DATA IN THIS EXERCISE START

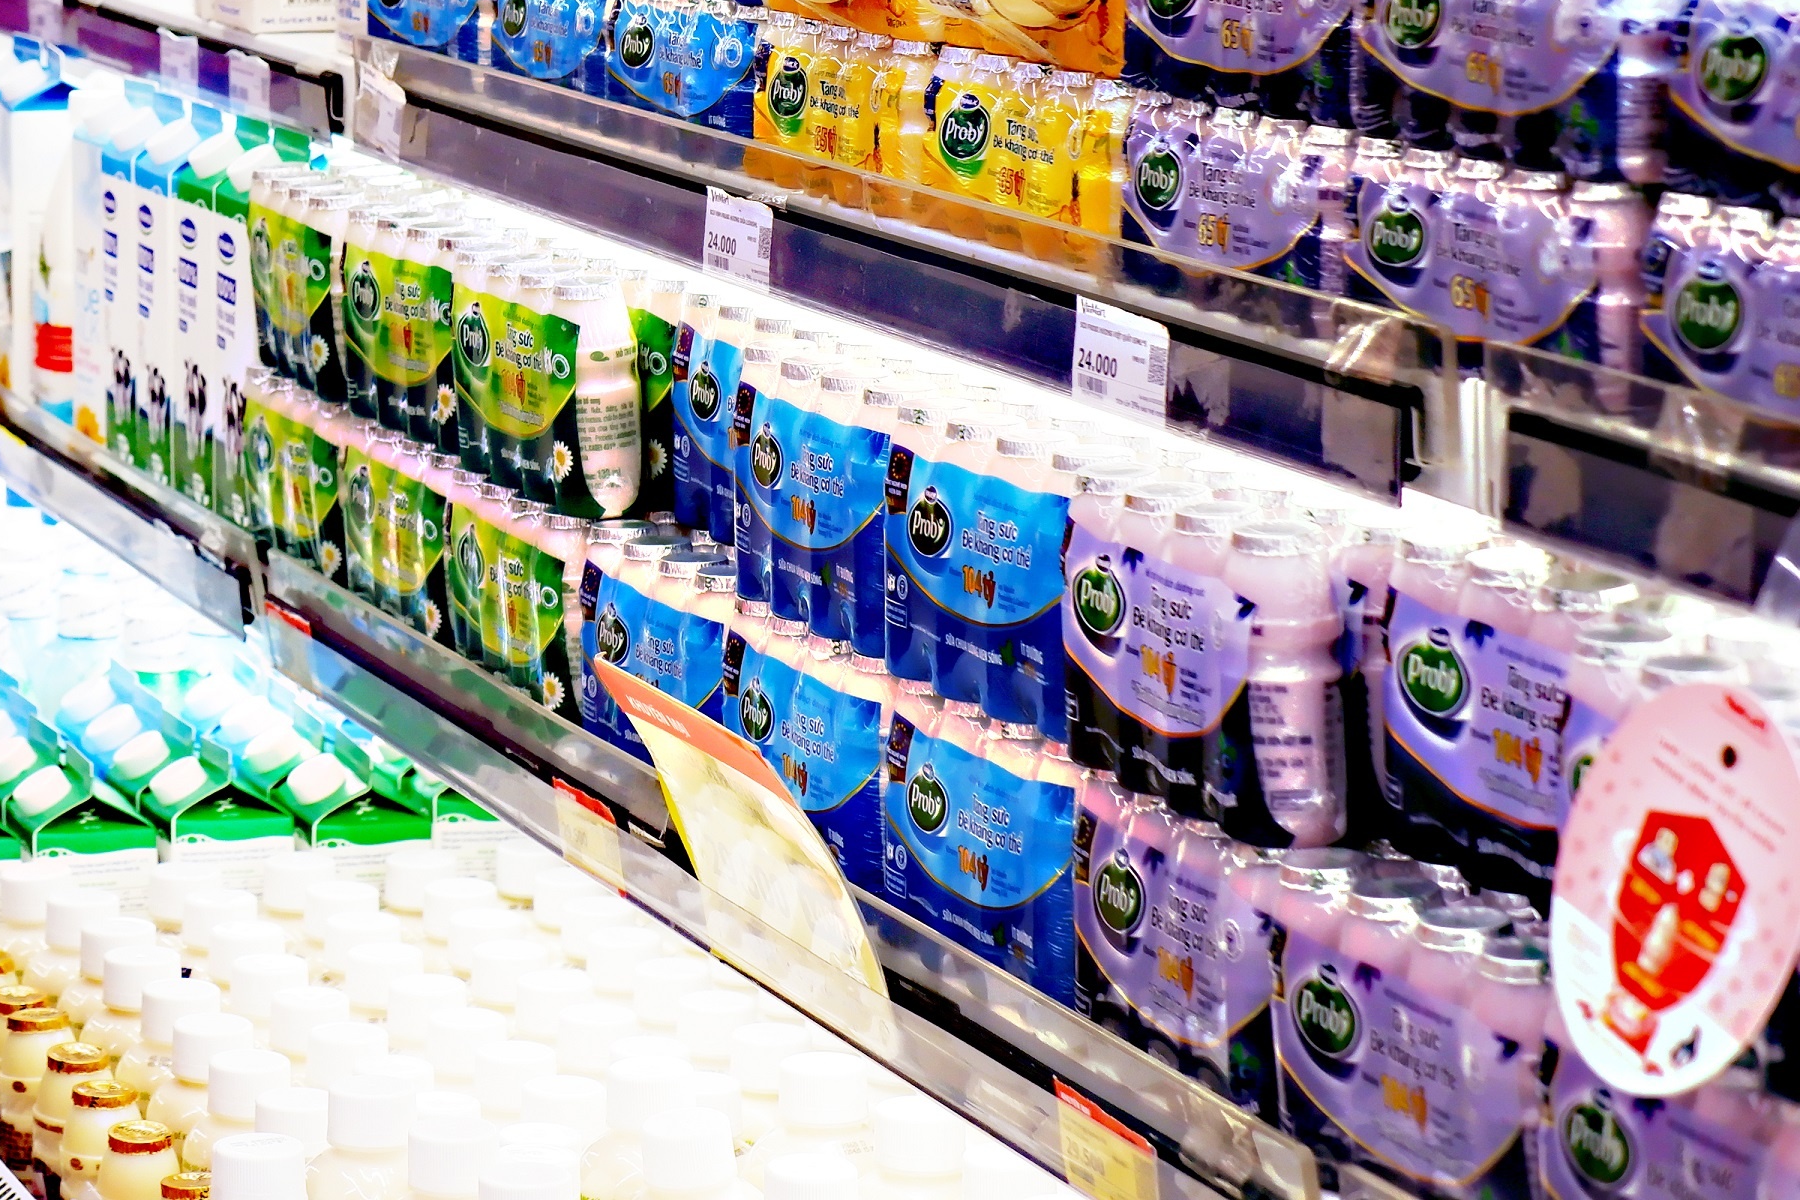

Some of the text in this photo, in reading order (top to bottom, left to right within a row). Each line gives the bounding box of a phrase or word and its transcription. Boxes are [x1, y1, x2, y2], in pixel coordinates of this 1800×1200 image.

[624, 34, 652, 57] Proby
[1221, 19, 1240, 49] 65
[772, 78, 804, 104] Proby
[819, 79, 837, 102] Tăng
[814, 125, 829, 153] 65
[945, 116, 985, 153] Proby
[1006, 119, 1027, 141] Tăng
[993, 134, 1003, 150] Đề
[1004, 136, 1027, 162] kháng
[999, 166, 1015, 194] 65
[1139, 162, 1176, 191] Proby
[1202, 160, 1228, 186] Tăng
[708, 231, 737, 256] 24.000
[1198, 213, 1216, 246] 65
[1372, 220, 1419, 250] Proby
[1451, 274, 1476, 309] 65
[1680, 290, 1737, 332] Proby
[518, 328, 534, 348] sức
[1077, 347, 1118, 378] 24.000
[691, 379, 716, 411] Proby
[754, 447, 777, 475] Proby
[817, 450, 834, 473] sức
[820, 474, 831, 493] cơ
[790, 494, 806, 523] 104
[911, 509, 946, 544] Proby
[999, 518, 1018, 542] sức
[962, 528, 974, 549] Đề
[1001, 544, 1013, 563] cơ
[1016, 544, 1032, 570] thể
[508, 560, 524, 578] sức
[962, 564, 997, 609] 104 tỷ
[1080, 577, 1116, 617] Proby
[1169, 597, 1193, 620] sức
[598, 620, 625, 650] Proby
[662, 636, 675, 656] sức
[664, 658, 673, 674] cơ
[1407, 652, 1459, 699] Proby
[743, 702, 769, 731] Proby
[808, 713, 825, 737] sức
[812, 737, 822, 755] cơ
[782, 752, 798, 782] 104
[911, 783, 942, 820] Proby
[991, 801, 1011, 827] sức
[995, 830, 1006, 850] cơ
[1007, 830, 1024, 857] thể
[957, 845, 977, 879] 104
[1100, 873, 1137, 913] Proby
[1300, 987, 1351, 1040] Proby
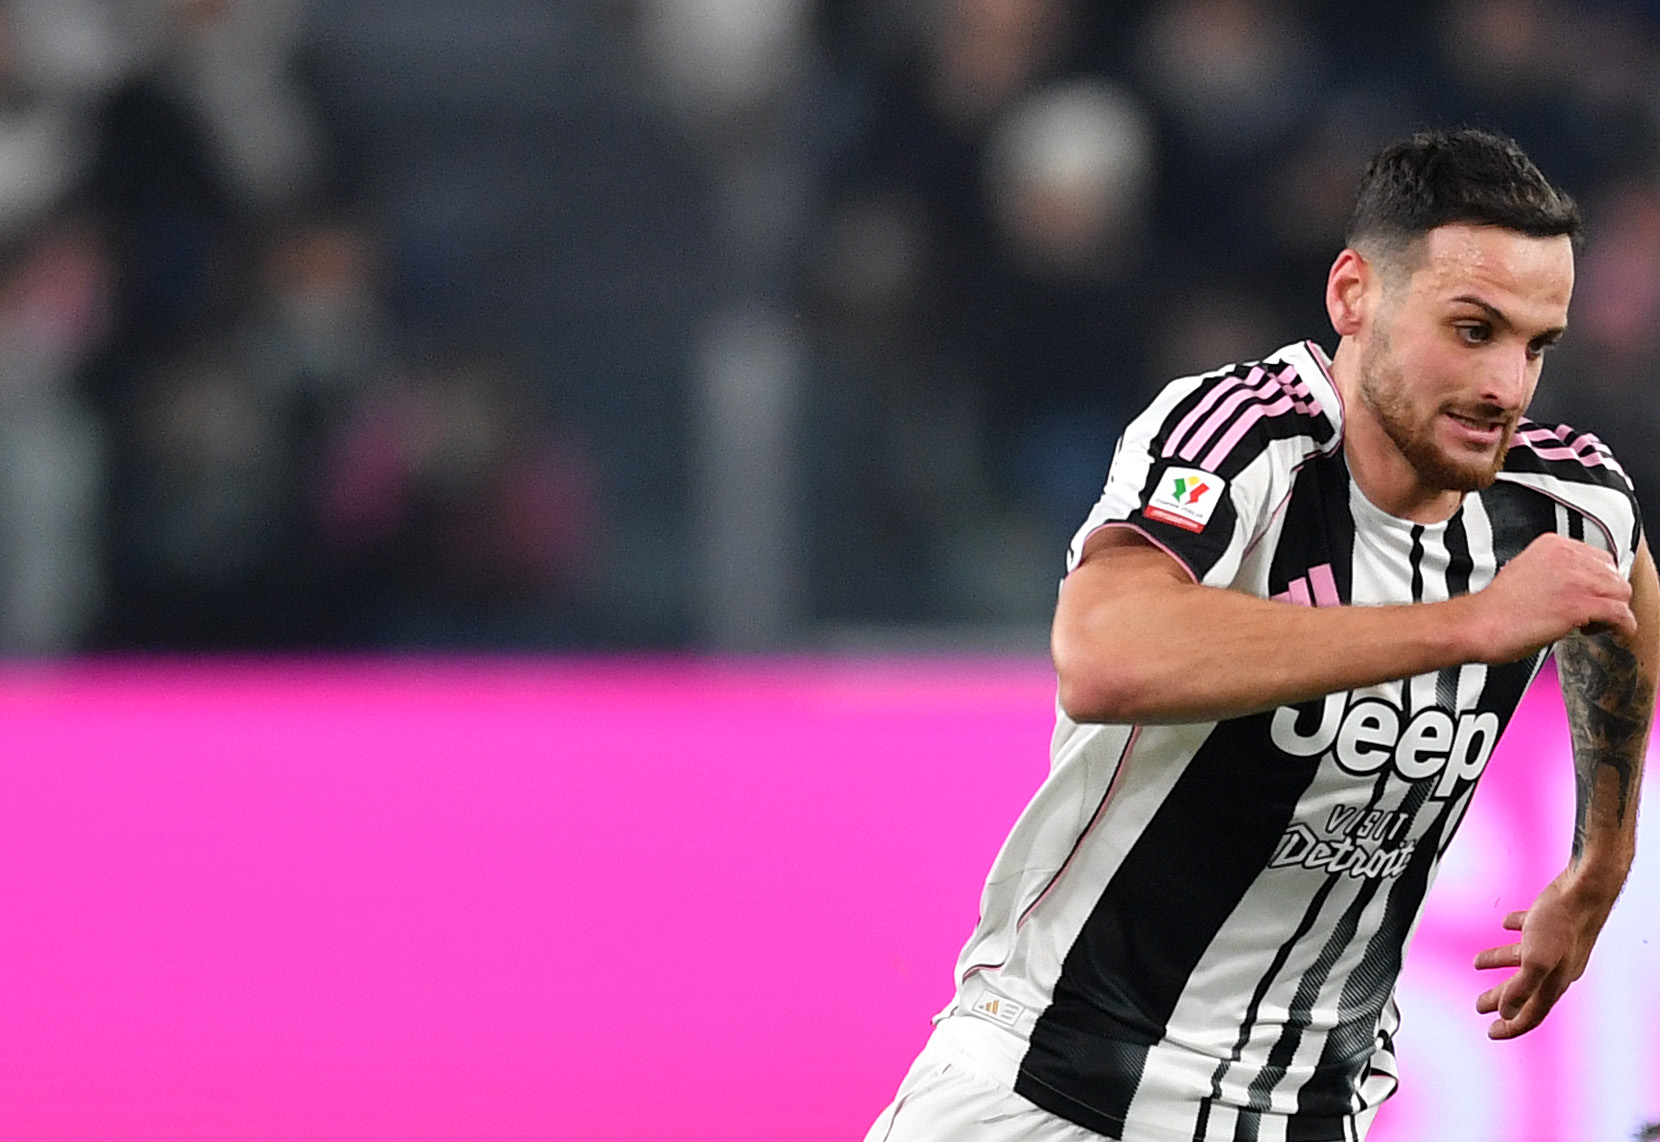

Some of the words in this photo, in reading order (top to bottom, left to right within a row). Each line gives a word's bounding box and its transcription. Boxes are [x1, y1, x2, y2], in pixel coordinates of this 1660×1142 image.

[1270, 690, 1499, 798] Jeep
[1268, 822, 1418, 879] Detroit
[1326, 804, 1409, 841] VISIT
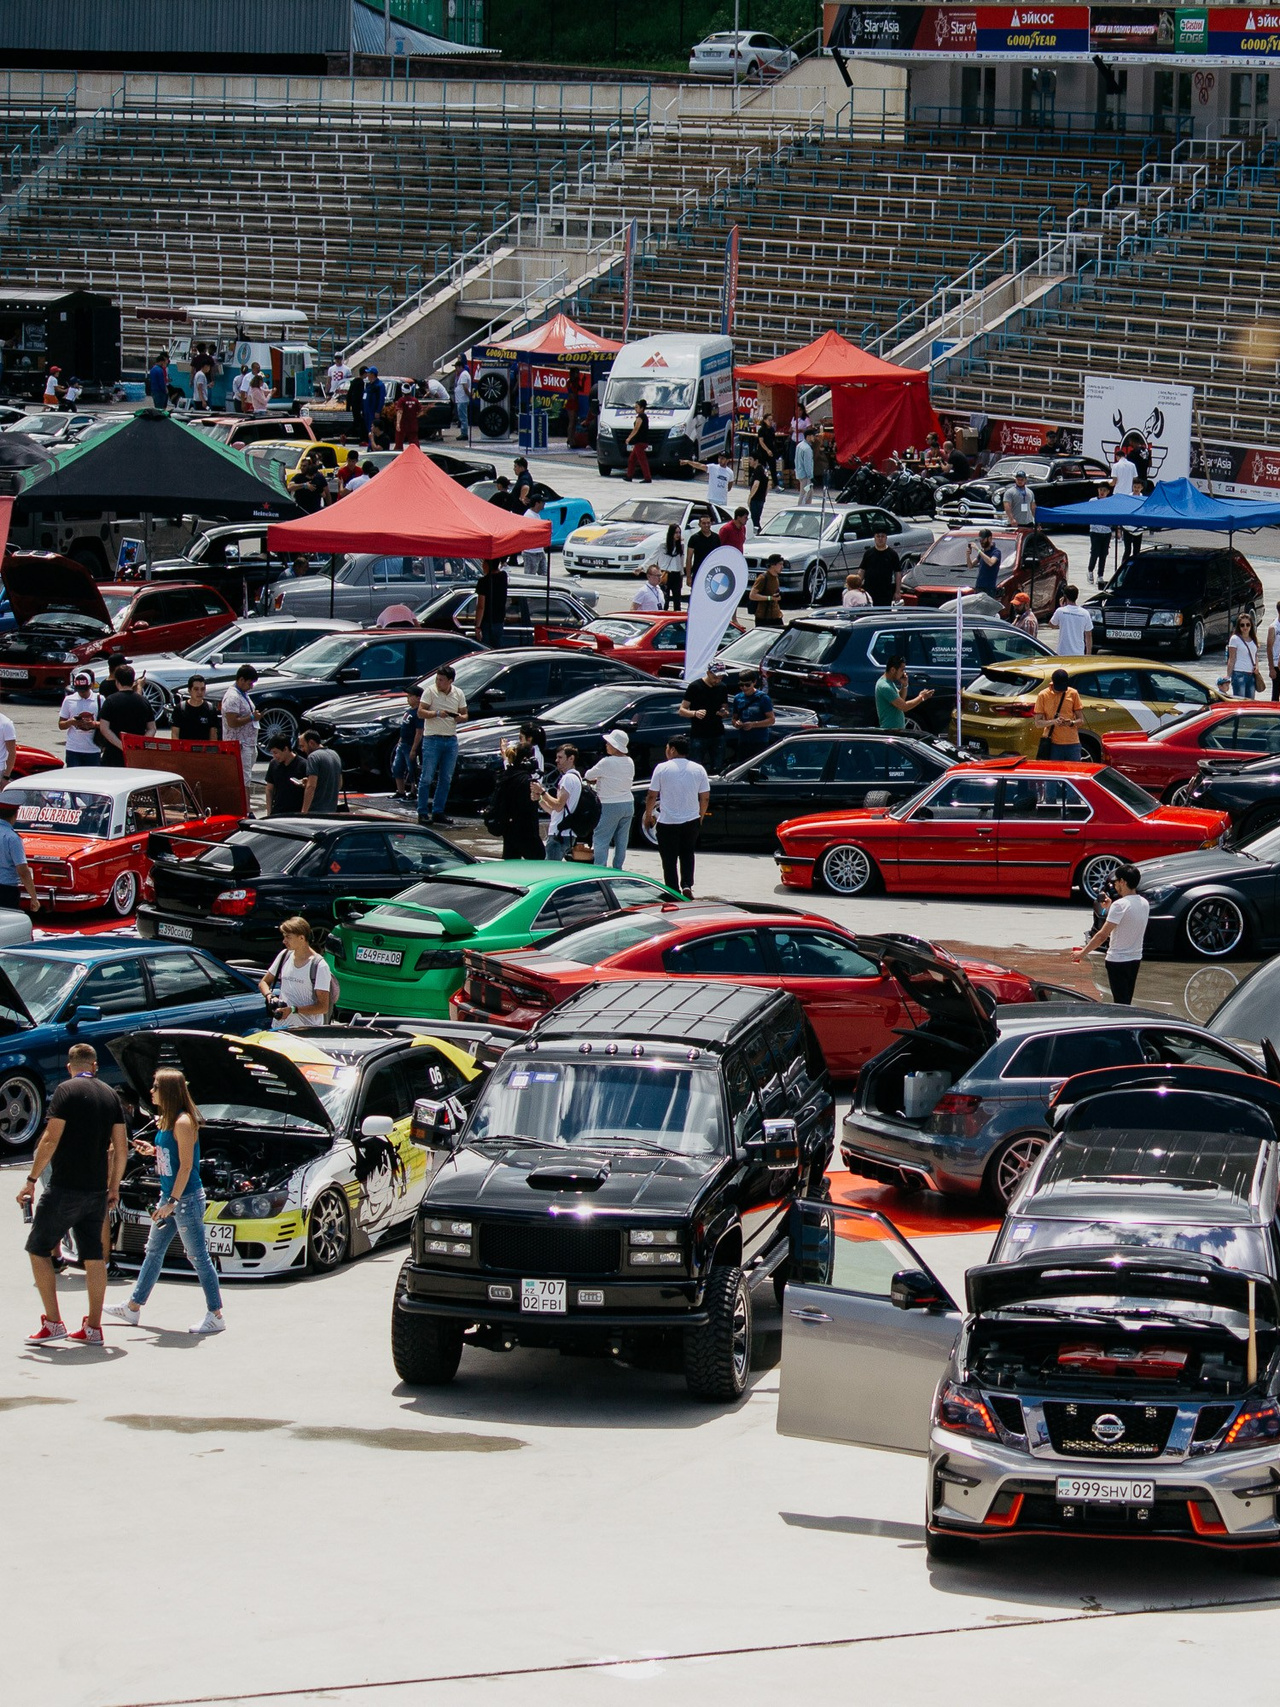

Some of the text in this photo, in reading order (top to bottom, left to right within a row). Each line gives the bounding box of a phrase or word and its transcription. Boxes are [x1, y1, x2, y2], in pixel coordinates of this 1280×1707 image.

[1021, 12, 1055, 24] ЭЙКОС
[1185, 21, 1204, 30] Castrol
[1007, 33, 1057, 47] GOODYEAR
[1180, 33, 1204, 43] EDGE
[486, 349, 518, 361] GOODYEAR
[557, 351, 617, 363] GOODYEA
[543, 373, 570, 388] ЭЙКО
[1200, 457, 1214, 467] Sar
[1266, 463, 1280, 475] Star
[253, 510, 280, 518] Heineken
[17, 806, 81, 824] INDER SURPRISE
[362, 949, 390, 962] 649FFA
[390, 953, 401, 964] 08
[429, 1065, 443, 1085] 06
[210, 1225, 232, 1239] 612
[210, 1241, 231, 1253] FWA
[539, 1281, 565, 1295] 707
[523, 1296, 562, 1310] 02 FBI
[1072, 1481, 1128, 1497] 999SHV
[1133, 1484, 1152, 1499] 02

DATA IN THIS EXERCISE END

- YOUR GOAL:
Your copy of the entries above must be exact and must not include pictures.

- PROBLEM SOLUTION:
Some of the text in this photo, in reading order (top to bottom, left to right within a row). Each line gives the bounding box of a phrase or word and its transcription. Boxes are [x1, y1, x2, y2], in pixel coordinates of this 1800×1200 image.

[624, 34, 652, 57] Proby
[1221, 19, 1240, 49] 65
[772, 78, 804, 104] Proby
[819, 79, 837, 102] Tăng
[814, 125, 829, 153] 65
[945, 116, 985, 153] Proby
[1006, 119, 1027, 141] Tăng
[993, 134, 1003, 150] Đề
[1004, 136, 1027, 162] kháng
[999, 166, 1015, 194] 65
[1139, 162, 1176, 191] Proby
[1202, 160, 1228, 186] Tăng
[708, 231, 737, 256] 24.000
[1198, 213, 1216, 246] 65
[1372, 220, 1419, 250] Proby
[1451, 274, 1476, 309] 65
[1680, 290, 1737, 332] Proby
[518, 328, 534, 348] sức
[1077, 347, 1118, 378] 24.000
[691, 379, 716, 411] Proby
[754, 447, 777, 475] Proby
[817, 450, 834, 473] sức
[820, 474, 831, 493] cơ
[790, 494, 806, 523] 104
[911, 509, 946, 544] Proby
[999, 518, 1018, 542] sức
[962, 528, 974, 549] Đề
[1001, 544, 1013, 563] cơ
[1016, 544, 1032, 570] thể
[508, 560, 524, 578] sức
[962, 564, 997, 609] 104 tỷ
[1080, 577, 1116, 617] Proby
[1169, 597, 1193, 620] sức
[598, 620, 625, 650] Proby
[662, 636, 675, 656] sức
[664, 658, 673, 674] cơ
[1407, 652, 1459, 699] Proby
[743, 702, 769, 731] Proby
[808, 713, 825, 737] sức
[812, 737, 822, 755] cơ
[782, 752, 798, 782] 104
[911, 783, 942, 820] Proby
[991, 801, 1011, 827] sức
[995, 830, 1006, 850] cơ
[1007, 830, 1024, 857] thể
[957, 845, 977, 879] 104
[1100, 873, 1137, 913] Proby
[1300, 987, 1351, 1040] Proby

Some of the words in this photo, in reading order (top to bottom, left to right within a row). Each line gives a word's bounding box and its transcription. Boxes are [x1, y1, x2, y2], in pixel coordinates of this 1660×1142 image.

[1270, 690, 1499, 798] Jeep
[1268, 822, 1418, 879] Detroit
[1326, 804, 1409, 841] VISIT

Some of the text in this photo, in reading order (top to bottom, left to right within a row). Each line gives the bounding box of a phrase or word and its transcription. Boxes are [x1, y1, x2, y2], in pixel coordinates of this 1280×1707 image.

[1021, 12, 1055, 24] ЭЙКОС
[1185, 21, 1204, 30] Castrol
[1007, 33, 1057, 47] GOODYEAR
[1180, 33, 1204, 43] EDGE
[486, 349, 518, 361] GOODYEAR
[557, 351, 617, 363] GOODYEA
[543, 373, 570, 388] ЭЙКО
[1200, 457, 1214, 467] Sar
[1266, 463, 1280, 475] Star
[253, 510, 280, 518] Heineken
[17, 806, 81, 824] INDER SURPRISE
[362, 949, 390, 962] 649FFA
[390, 953, 401, 964] 08
[429, 1065, 443, 1085] 06
[210, 1225, 232, 1239] 612
[210, 1241, 231, 1253] FWA
[539, 1281, 565, 1295] 707
[523, 1296, 562, 1310] 02 FBI
[1072, 1481, 1128, 1497] 999SHV
[1133, 1484, 1152, 1499] 02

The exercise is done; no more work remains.